Liferayが提供するサービスを使った実装を行うのであればサービスビルダを使ってリモートサービスを実装し、そうでなければJAX-RSを使って実装するのが定石かと思うのですが、ここではOSGi HTTP Whiteboardを使った実装を紹介します。
(もちろん、Liferayと完全に疎結合なロジックであれば、Liferayの前面に構築されたWebサーバのレイヤでCGI等を使って実装するのもありですが、ここではそれには触れません)
OSGi HTTP WhiteboardとはOSGi Compendiumで規定されている仕様の1つで、サーブレットやサーブレットフィルタ、HTML/JS/画像等の静的リソースなどをOSGiバンドルを使って公開するためのシンプルな仕組みを提供します。Liferay DXPはOSGiの基盤の上に実装されているため、そのカスタマイズにOSGiの仕様を利用しない手はありません。具体的には、以下の2ステップでWeb APIを公開できます。シンプル!

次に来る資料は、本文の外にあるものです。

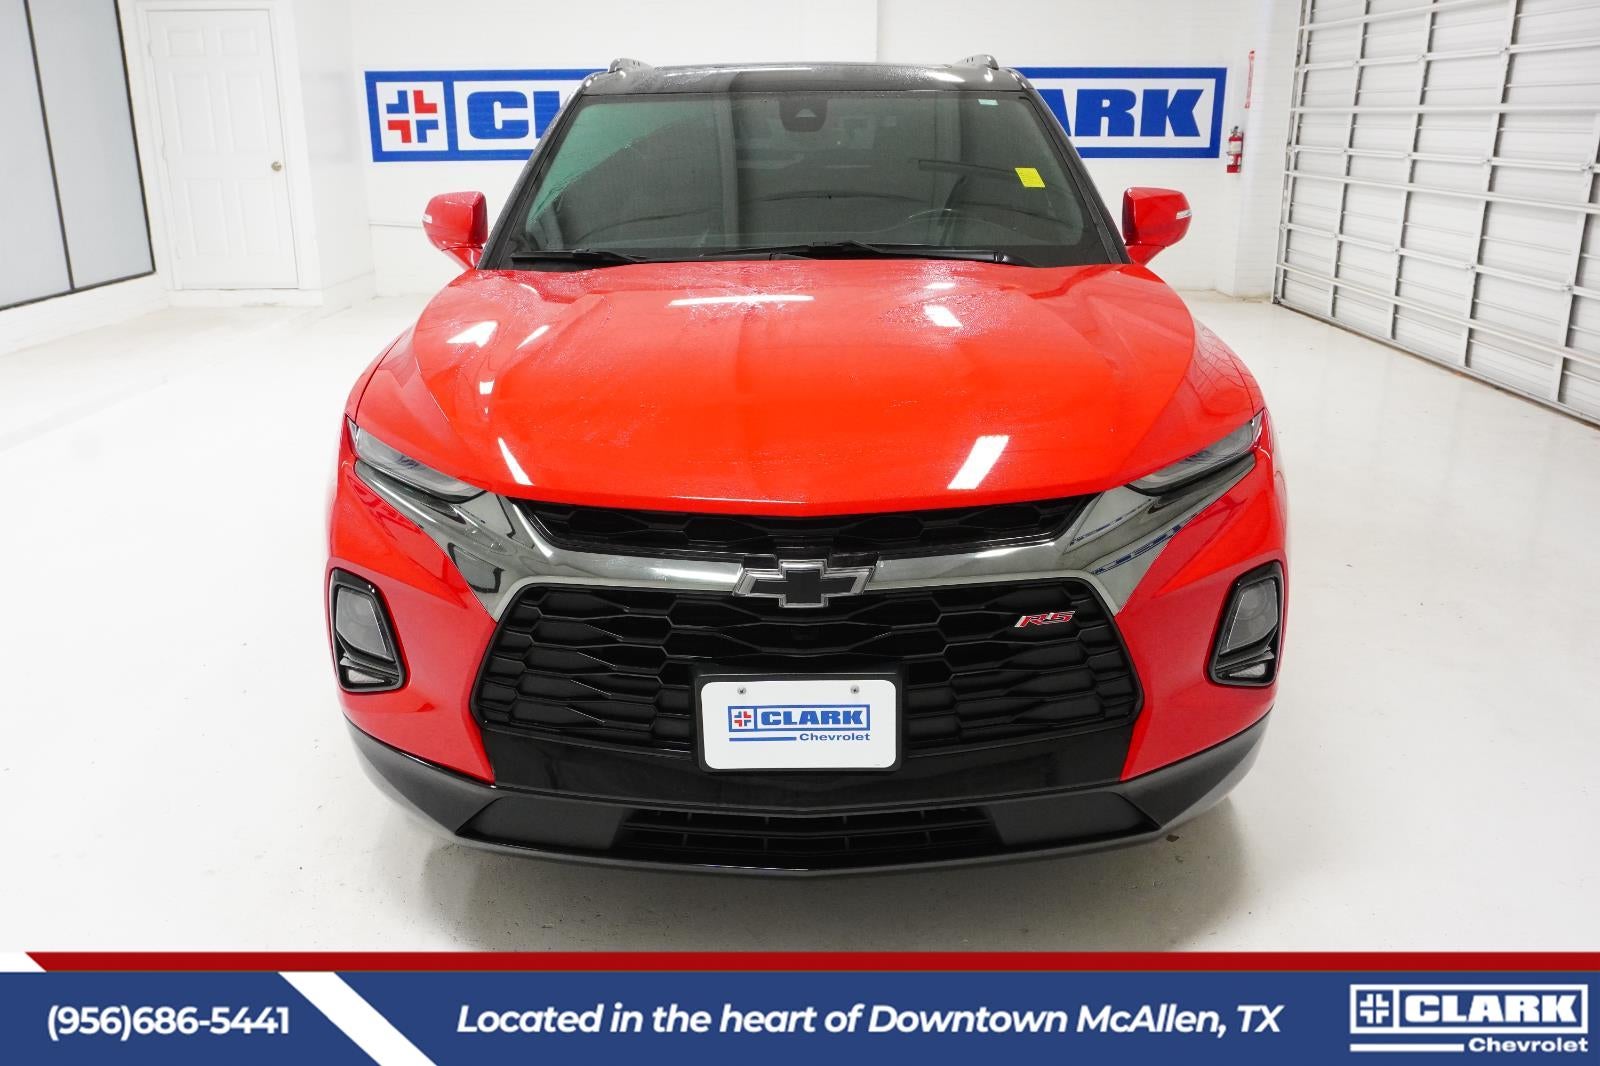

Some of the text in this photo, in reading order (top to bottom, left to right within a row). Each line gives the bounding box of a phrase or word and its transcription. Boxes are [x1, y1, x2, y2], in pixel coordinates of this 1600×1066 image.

この方法は素のServletを直接公開するようなものなので、認証等でLiferayの仕組みを利用したい、もしくは関連する複数のAPIをまとめて実装/公開したい場合はJAX-RSを使い、Liferayの仕組を全く使用せずなるべく疎結合に、ちょっとしたロジックを実装したい場合はHTTP Whiteboardを使うというような使い分けが考えられます。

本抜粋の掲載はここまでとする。